What to do:
Here are records with pictures in them. Copy all of them exactly and leave the pictures out.

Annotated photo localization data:
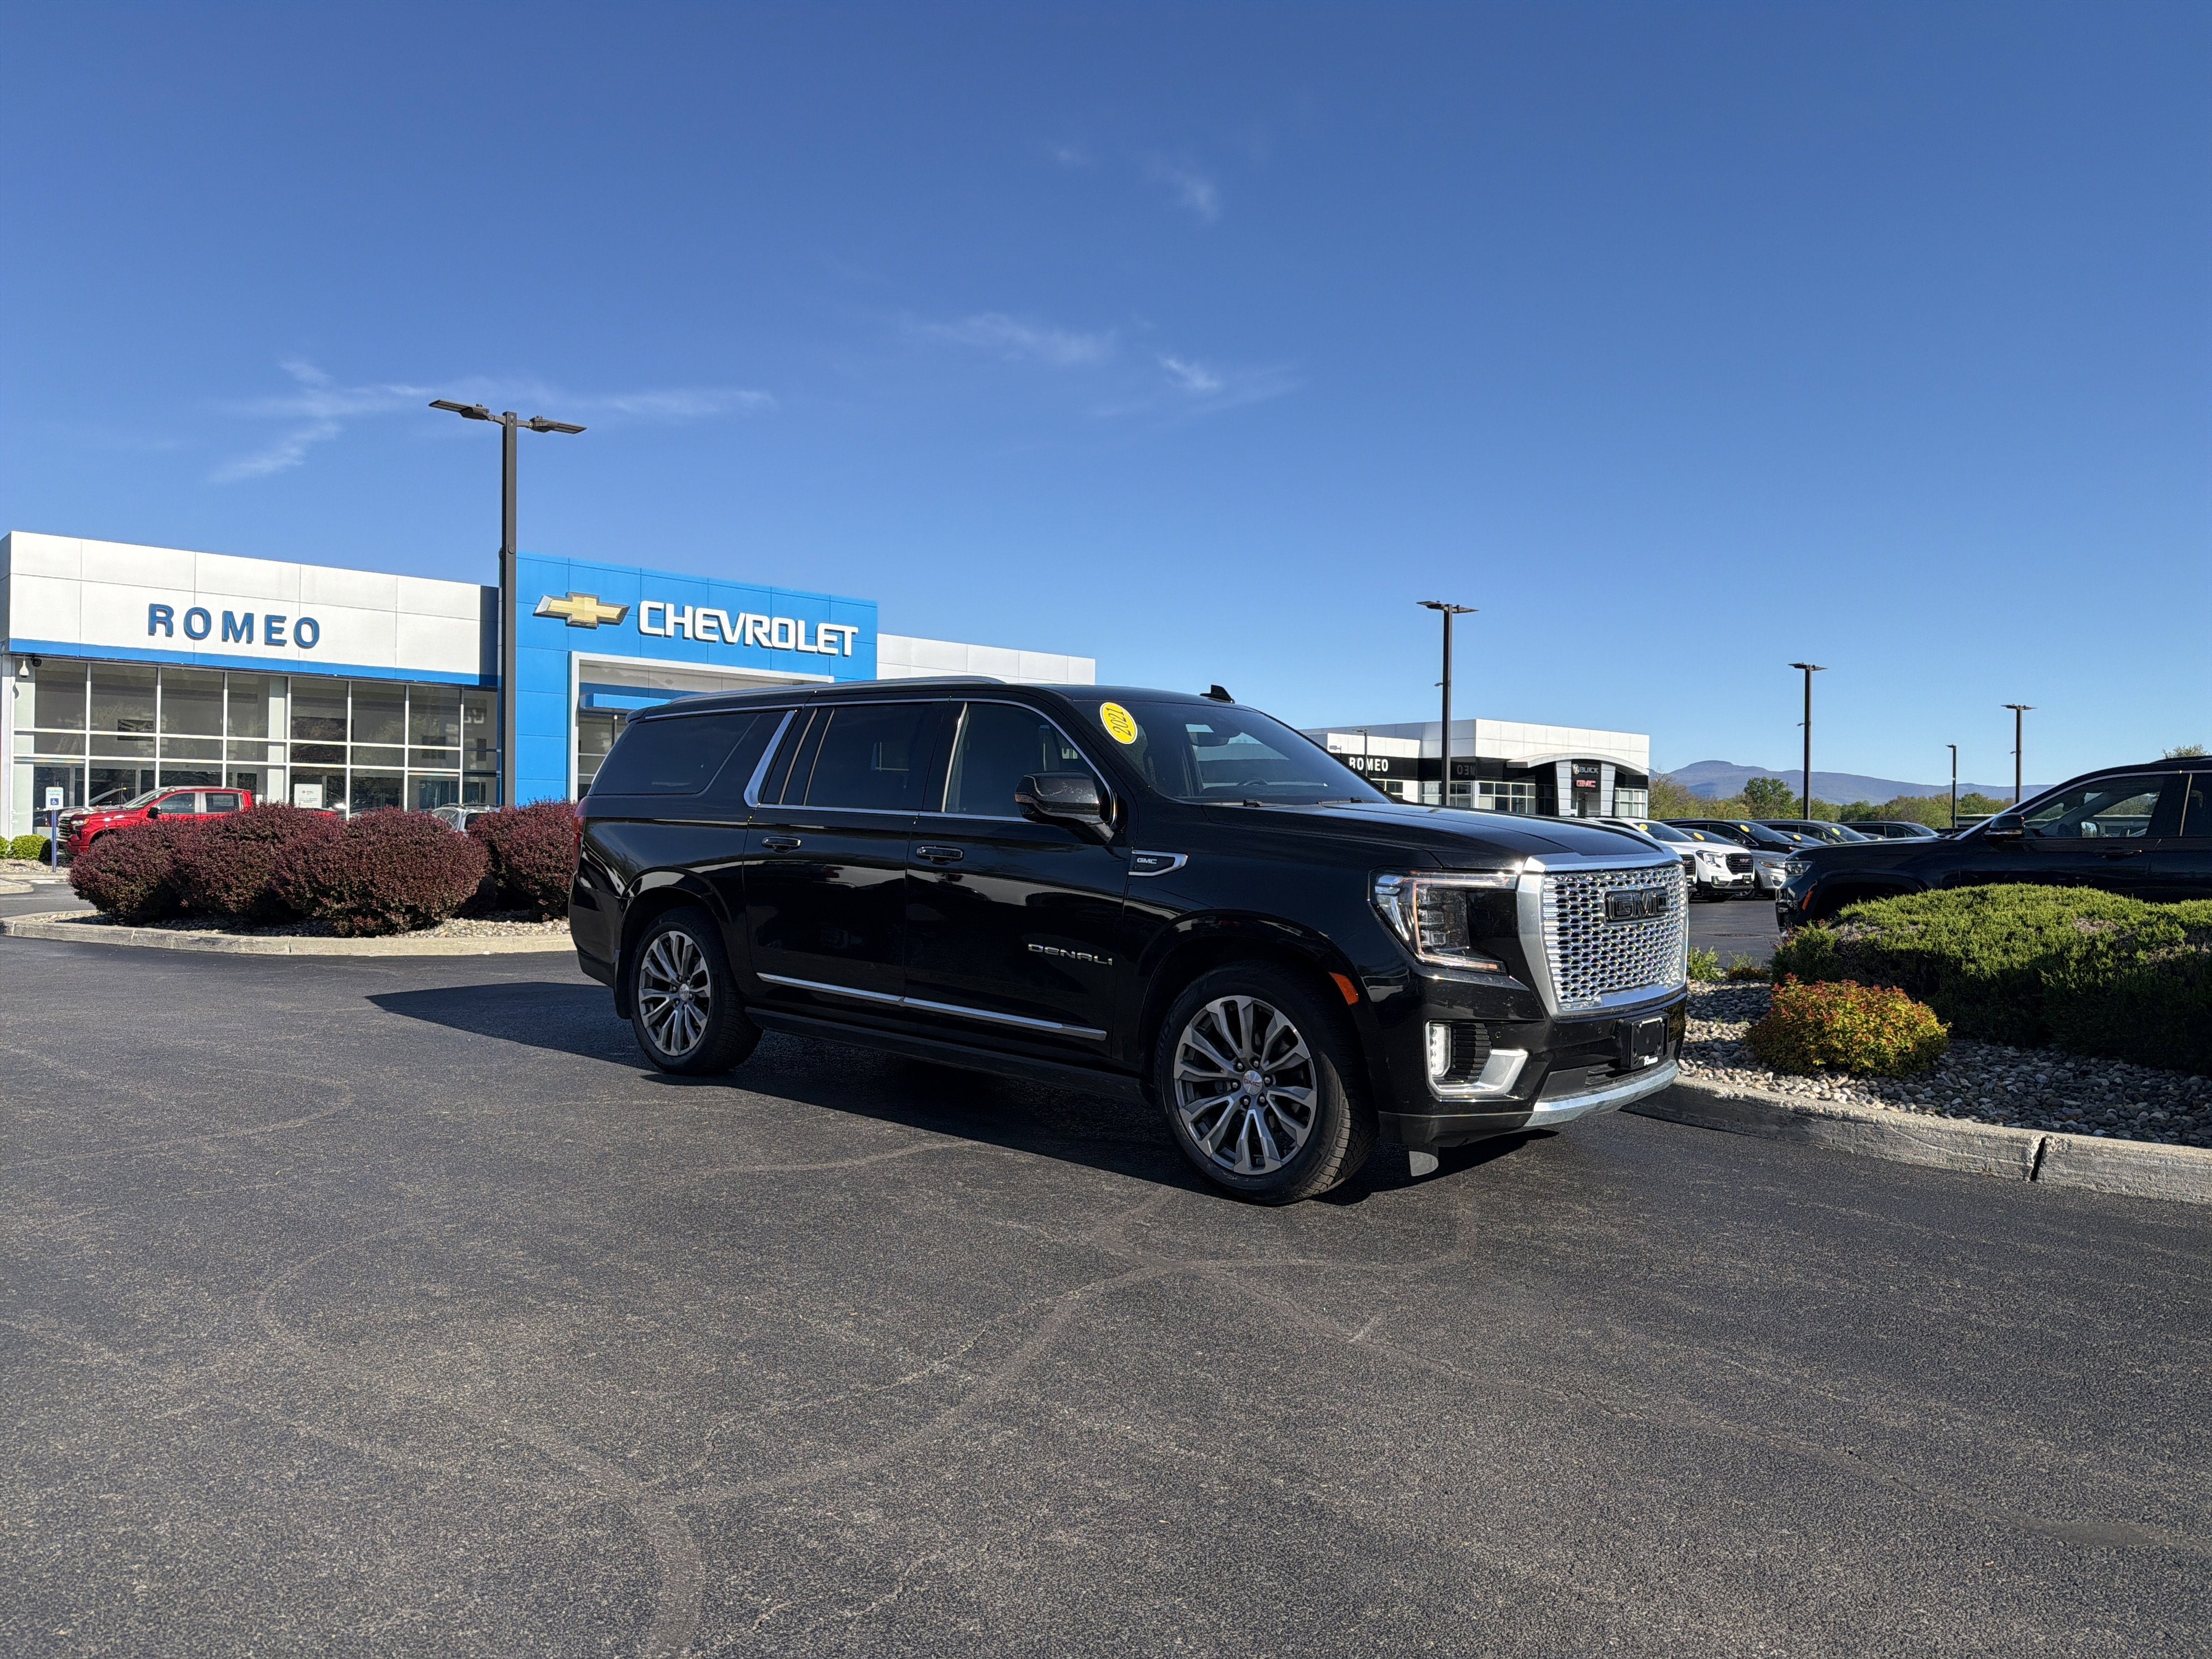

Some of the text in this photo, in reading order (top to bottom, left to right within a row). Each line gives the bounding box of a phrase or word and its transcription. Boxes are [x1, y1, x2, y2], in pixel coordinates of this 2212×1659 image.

[148, 603, 320, 650] ROMEO
[639, 600, 859, 657] CHEVROLET
[1105, 707, 1132, 737] 2021
[1348, 757, 1389, 772] ROMEO
[1607, 888, 1668, 921] GMC
[1028, 943, 1113, 966] DENALI
[1243, 1079, 1261, 1087] GMC
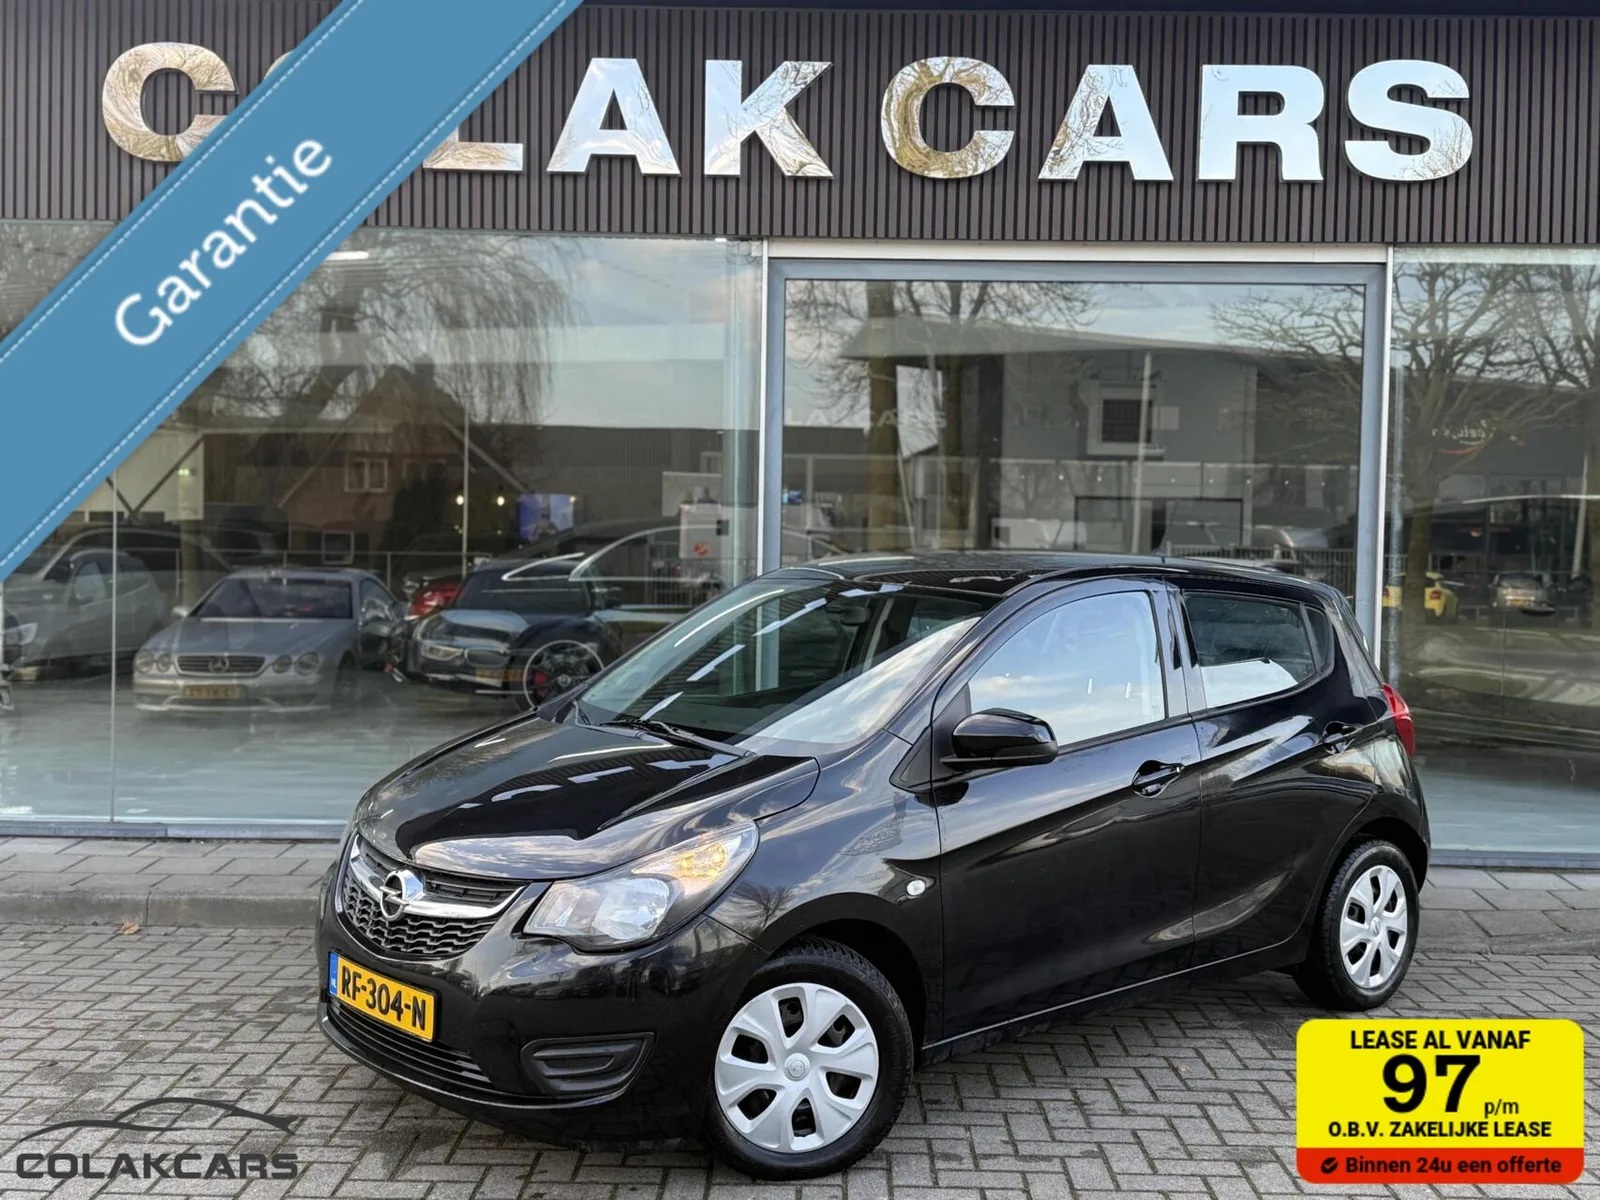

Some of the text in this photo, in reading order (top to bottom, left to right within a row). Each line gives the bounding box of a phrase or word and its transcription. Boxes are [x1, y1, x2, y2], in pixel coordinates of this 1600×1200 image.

[102, 41, 1474, 182] CAK CARS
[341, 965, 426, 1031] RF-304-N
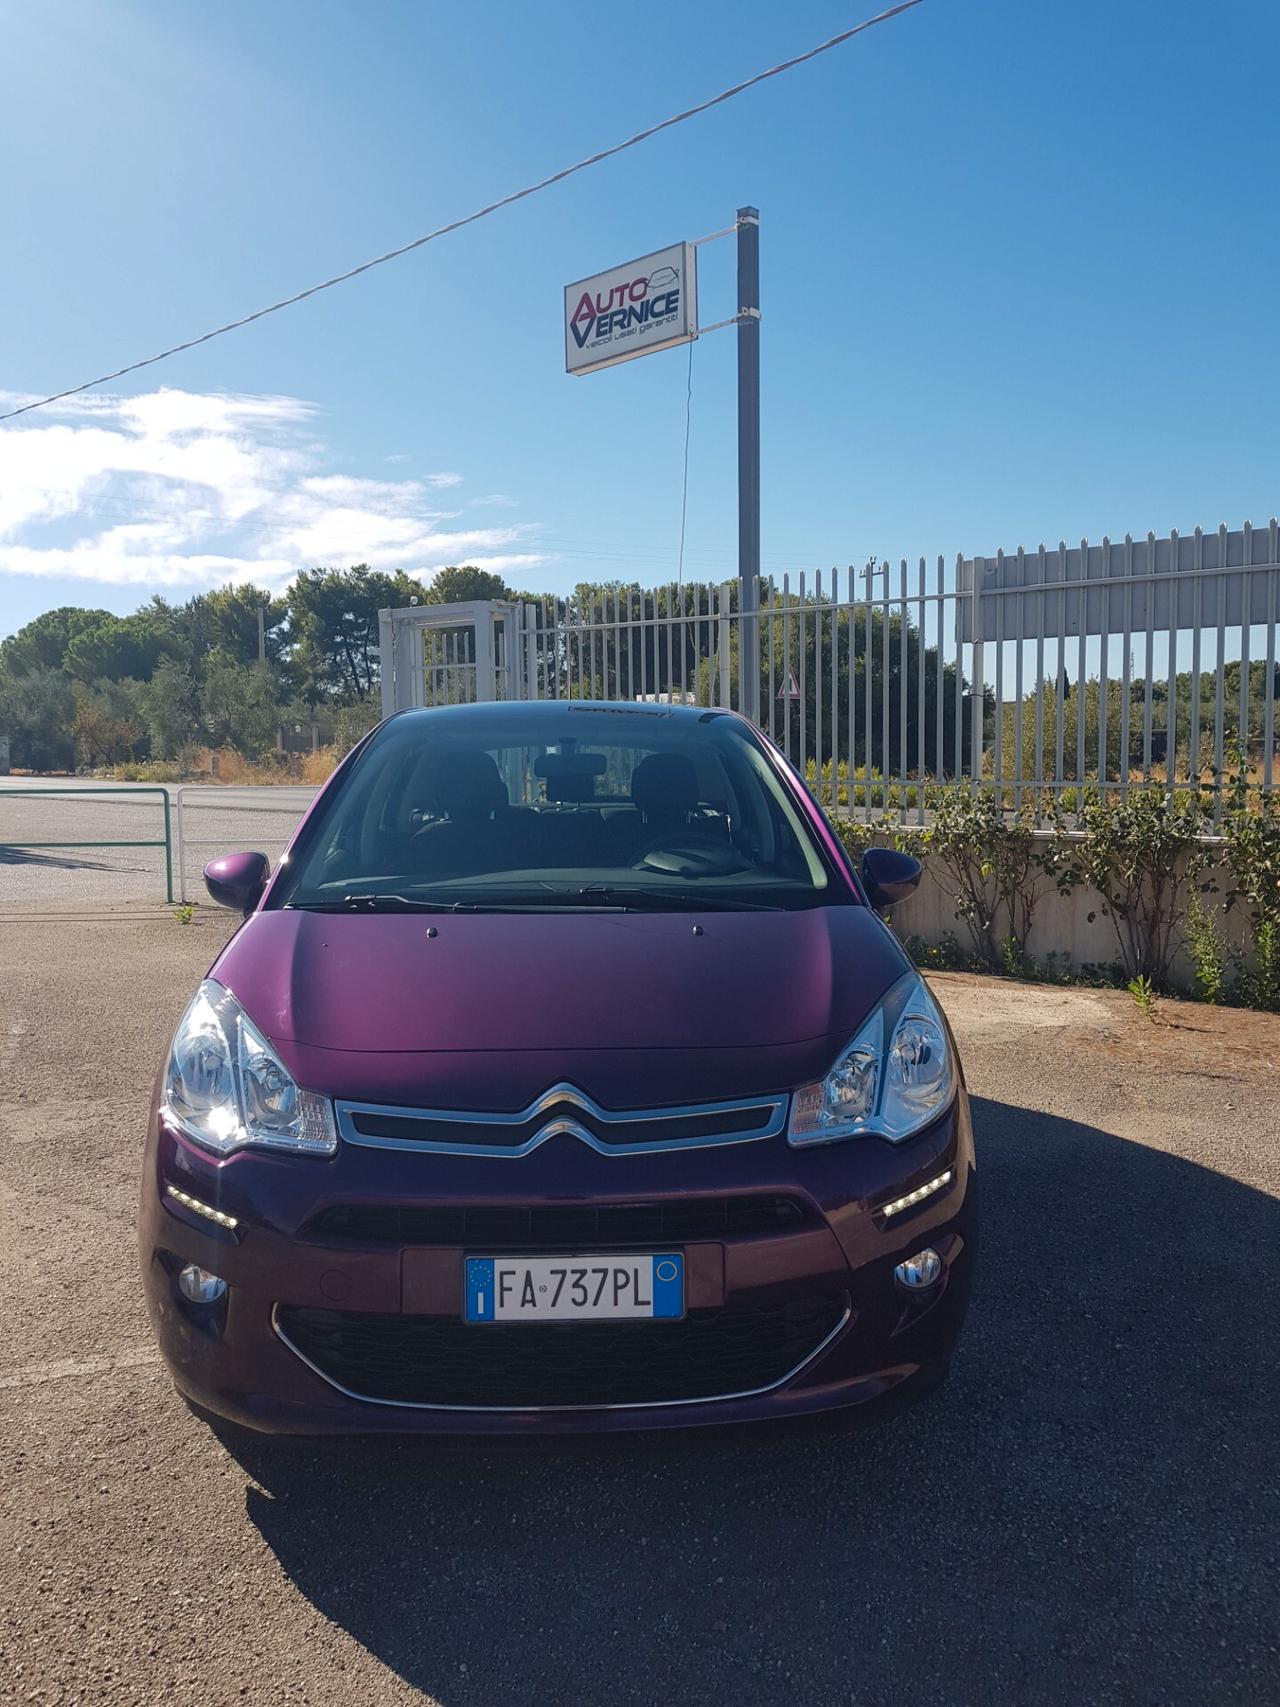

Task answer:
Some of the text in this photo, in reading order (top to bottom, left to right within a row). Each line gives the bounding box of a phrase or word and its transcription. Boxes are [x1, y1, x2, y2], in pixel coordinates of this 2212×1659 image.

[148, 603, 320, 650] ROMEO
[639, 600, 859, 657] CHEVROLET
[1105, 707, 1132, 737] 2021
[1348, 757, 1389, 772] ROMEO
[1607, 888, 1668, 921] GMC
[1028, 943, 1113, 966] DENALI
[1243, 1079, 1261, 1087] GMC

Some of the text in this photo, in reading order (top to bottom, left to right within a row). Each line gives the bounding box of a phrase or word and its transcription. Boxes are [x1, y1, x2, y2], in pixel coordinates of this 1600×1200 image.

[102, 41, 1474, 182] CAK CARS
[341, 965, 426, 1031] RF-304-N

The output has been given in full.